As despicable as the Nigerian and Ugandan anti-gay laws are, critics have failed to grasp the government’s broader goal of carving out a role for South Africa as an adversary of imperialism and a champion of human rights on the continent. Such a role has become necessary as leaders of fellow African states grow increasingly, and perhaps rightly, wary of foreign powers sidelining the African Union and appearing to impinge on the sovereignty of African nations.

The intellectual foundations underpinning South Africa’s policies toward the African continent emerged during the presidency of Thabo Mbeki. However, Mr. Mbeki’s ideas hearken back to a strong tradition of pan-Africanist thought. In 1959, Robert Sobukwe, founded the Pan-Africanist Congress, which splintered from the African National Congress. He spoke of the geopolitical rivalry among foreign powers to woo the fledgling postcolonial states on the African continent into opposing camps.

Back then, the rival ideologies were Western imperialism and Soviet hegemony. And it was this rivalry that drove the United States’ unconscionable policies toward apartheid South Africa; America feared that the Soviets had already won the hearts and minds of the liberation movement from which the country’s first democratic government would later emerge.

Today, the wooing continues, with Russia’s residual ideological influence waning and China’s growing. Sometimes it is through aid, trade, investment and other sweeteners, and other times it’s through the tough-love sanctions and admonishments. But African countries almost always get the short end of the stick, because they are not being wooed as equals.

South Africa’s decision to engage instead of reflexively joining the chorus condemning Uganda and Nigeria is a sign that it doesn’t want its actions on the global stage to be read as a tacit endorsement of policies promoted by the West (or China). On gay rights, the South African government is once again trying to go against the grain of Western orthodoxy to avoid being dismissed outright by Uganda and Nigeria as tools of Western imperialism.

After all, there is more at stake than just the right of queer and transgender Africans to embrace their sexuality openly. In a country like Uganda, poverty and inequality oppress queer and transgender people, too, as does the lack of a true democracy state, after 28 years of Yoweri Museveni’s autocratic rule. Foreign governments that speak out against the oppression of queer and transgender Africans while uncritically supporting Mr. Museveni’s undemocratic rule are only paying lip service to the cause.

For its part, South Africa at least attempts to promote political, economic and ethical governance through instruments such as the African Peer Review Mechanism and the African Commission on Human and People’s Rights. Both seek to allow Africans the space to find solutions to their own problems, and the effort appears genuine, even if it has so far failed to yield tangible results.

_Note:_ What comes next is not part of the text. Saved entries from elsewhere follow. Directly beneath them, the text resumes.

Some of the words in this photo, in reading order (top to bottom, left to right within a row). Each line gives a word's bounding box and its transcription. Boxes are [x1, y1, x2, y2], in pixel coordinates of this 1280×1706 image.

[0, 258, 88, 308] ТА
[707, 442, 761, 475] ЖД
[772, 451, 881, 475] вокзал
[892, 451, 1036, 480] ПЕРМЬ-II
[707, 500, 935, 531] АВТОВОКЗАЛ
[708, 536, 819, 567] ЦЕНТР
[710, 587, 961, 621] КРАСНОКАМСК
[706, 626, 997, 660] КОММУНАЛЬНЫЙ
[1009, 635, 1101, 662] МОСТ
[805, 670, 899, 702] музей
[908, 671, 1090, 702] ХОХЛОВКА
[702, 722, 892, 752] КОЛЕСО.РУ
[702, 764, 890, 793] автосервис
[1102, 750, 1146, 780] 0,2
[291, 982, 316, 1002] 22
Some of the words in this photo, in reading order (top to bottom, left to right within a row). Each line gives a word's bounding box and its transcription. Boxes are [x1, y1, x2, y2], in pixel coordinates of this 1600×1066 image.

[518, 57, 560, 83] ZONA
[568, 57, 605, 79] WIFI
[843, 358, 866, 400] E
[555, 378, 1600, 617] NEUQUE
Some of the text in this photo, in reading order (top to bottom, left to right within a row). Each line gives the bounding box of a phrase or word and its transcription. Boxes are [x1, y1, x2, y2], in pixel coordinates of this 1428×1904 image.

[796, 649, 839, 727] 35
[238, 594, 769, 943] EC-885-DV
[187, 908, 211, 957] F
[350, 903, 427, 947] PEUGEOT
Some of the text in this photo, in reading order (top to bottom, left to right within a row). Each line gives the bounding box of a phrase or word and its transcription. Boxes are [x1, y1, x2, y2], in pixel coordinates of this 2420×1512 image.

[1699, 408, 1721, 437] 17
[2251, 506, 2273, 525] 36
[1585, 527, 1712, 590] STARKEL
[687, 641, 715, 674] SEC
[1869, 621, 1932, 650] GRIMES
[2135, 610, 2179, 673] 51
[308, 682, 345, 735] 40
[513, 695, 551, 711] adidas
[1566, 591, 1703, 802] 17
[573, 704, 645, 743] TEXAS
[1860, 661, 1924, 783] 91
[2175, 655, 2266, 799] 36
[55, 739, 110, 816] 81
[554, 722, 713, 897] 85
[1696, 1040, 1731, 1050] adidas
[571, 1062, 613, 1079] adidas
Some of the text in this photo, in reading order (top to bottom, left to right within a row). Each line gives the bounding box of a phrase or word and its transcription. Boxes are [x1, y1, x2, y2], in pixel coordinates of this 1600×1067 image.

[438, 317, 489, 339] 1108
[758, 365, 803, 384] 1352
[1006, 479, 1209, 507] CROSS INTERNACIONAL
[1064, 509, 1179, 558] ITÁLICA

South Africa’s revival of pan-Africanism represents something novel. But it could easily fall by the wayside unless the government is held to account by activists, civil society groups and others who understand the destructive effects of Africans allowing the ideas of others to proliferate unchecked, be they conservative American pastors preaching homophobia or imperial powers.

If properly implemented, South Africa’s attempt to quietly encourage fellow African nations into moderating inhumane policies could achieve results where huffing and puffing by the United States and European governments has failed.

Of course there is many a slip between intention and action. The first test of South Africa’s commitment will come later this year, when it hosts the first regional seminar on the rights of queer and transgender Africans. It could either devolve into an empty talk shop of high-level diplomats that yields nothing, or it could be an opportunity to turn the campaign for queer and transgender rights on the continent into something that will withstand the empty claim that it is merely a form of Western social imperialism.

T.O. Molefe is an essayist, at work on a book on post-apartheid race relations.